Lucky for us, in Oregon a boat trailer doesn't need a
license up to 1800 lbs.
> In a message dated 3/31/02 4:54:05 PM Central Standard
> sbosquette@... writes:
> > Mark, I bought a utility trailer from Harborfreight, 860
> lb capacity,
> > I paid $149 last fall plus $5.95 for shipping I received
> it in three
> > days from California, I'm in Maine!!!!
> Well, this sounds like a real bargain!
> Last year I bought (on the internet) a very fancy aluminum
> trailer for my
> 1914 vintage B.N. Morris canoe . Didn't mind the fancy
> price - hey, its a
> very fancy boat and trailers designed for 18' long, 65#
> loads are not readily
> available on the used trailer market. (Shipped UPS from
> Ohio, the shipping
> costs were, to the best of my recollection an order of
> magnitude higher than
> yours, though.)
> However, the costs of registering a "modified" old trailer
> v. registering a
> new one might bear some consideration for penny-pinchers.

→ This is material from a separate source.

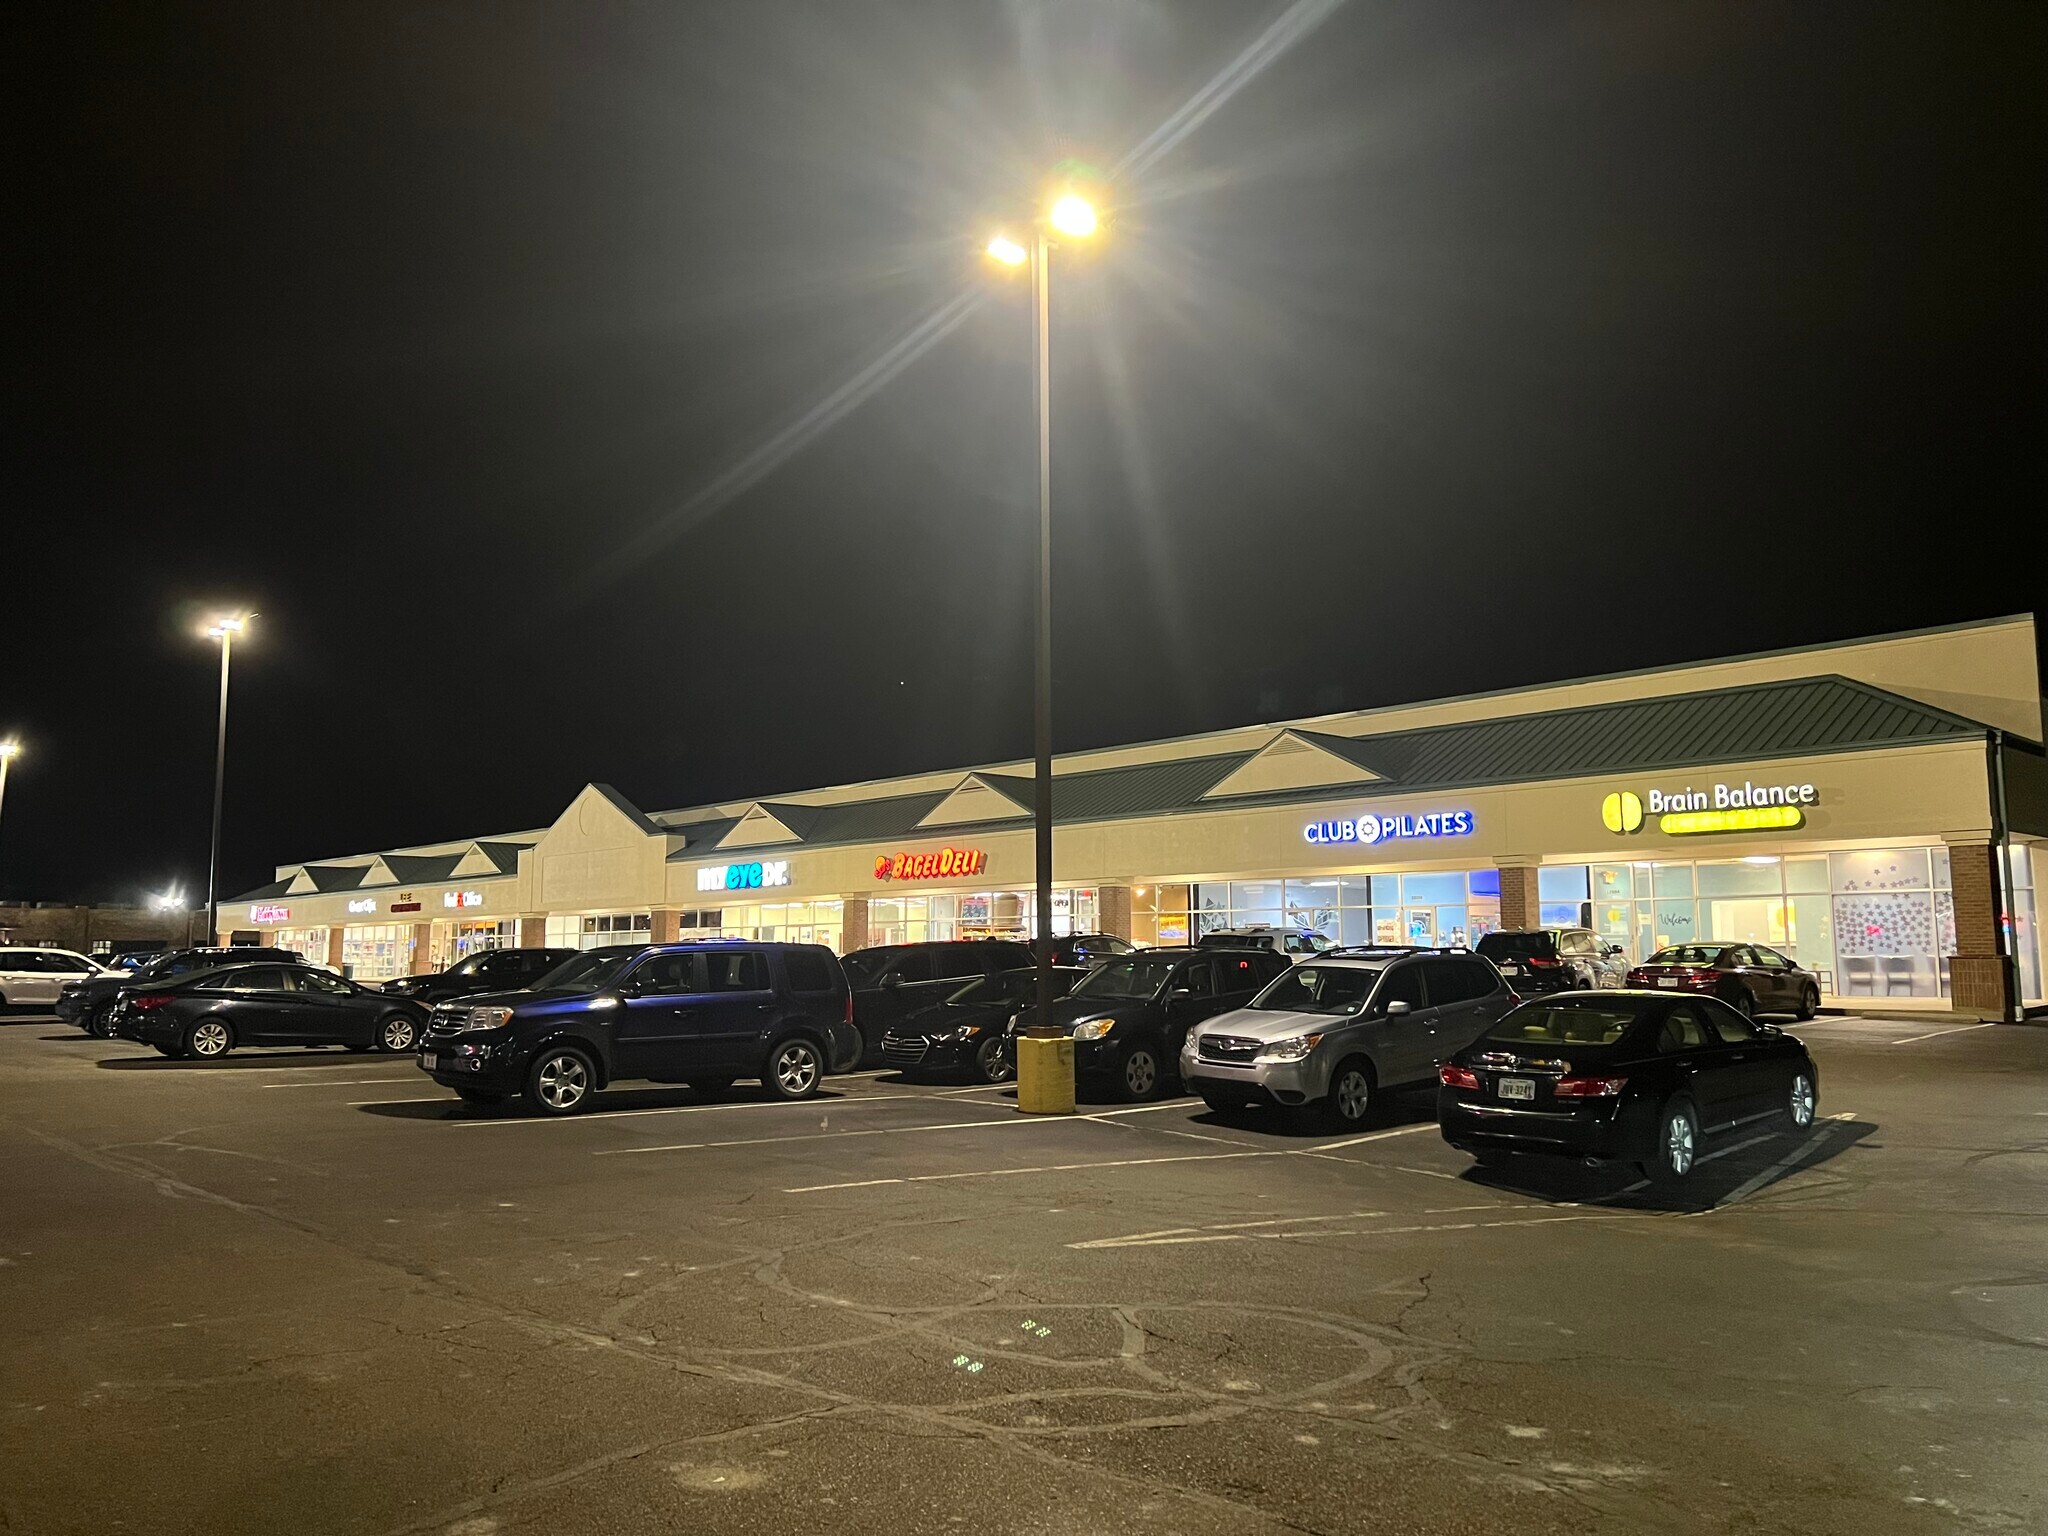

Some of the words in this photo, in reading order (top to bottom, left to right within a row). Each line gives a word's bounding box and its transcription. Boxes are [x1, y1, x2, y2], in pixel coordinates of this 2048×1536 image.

> To get the new trailer registered in good old MN, I paid
> sales tax,
> registration fee, local administration fee, license fee
> and perhaps a couple
> of other fees as well. It seemed like an awful lot of fees
> at the time, but I
> didn't want to piss off the already surly public servant
> who was processing
> my paperwork with any unwelcome inquiries. In any case, I
> was set back to the
> tune of approximately $125 to license the thing!!!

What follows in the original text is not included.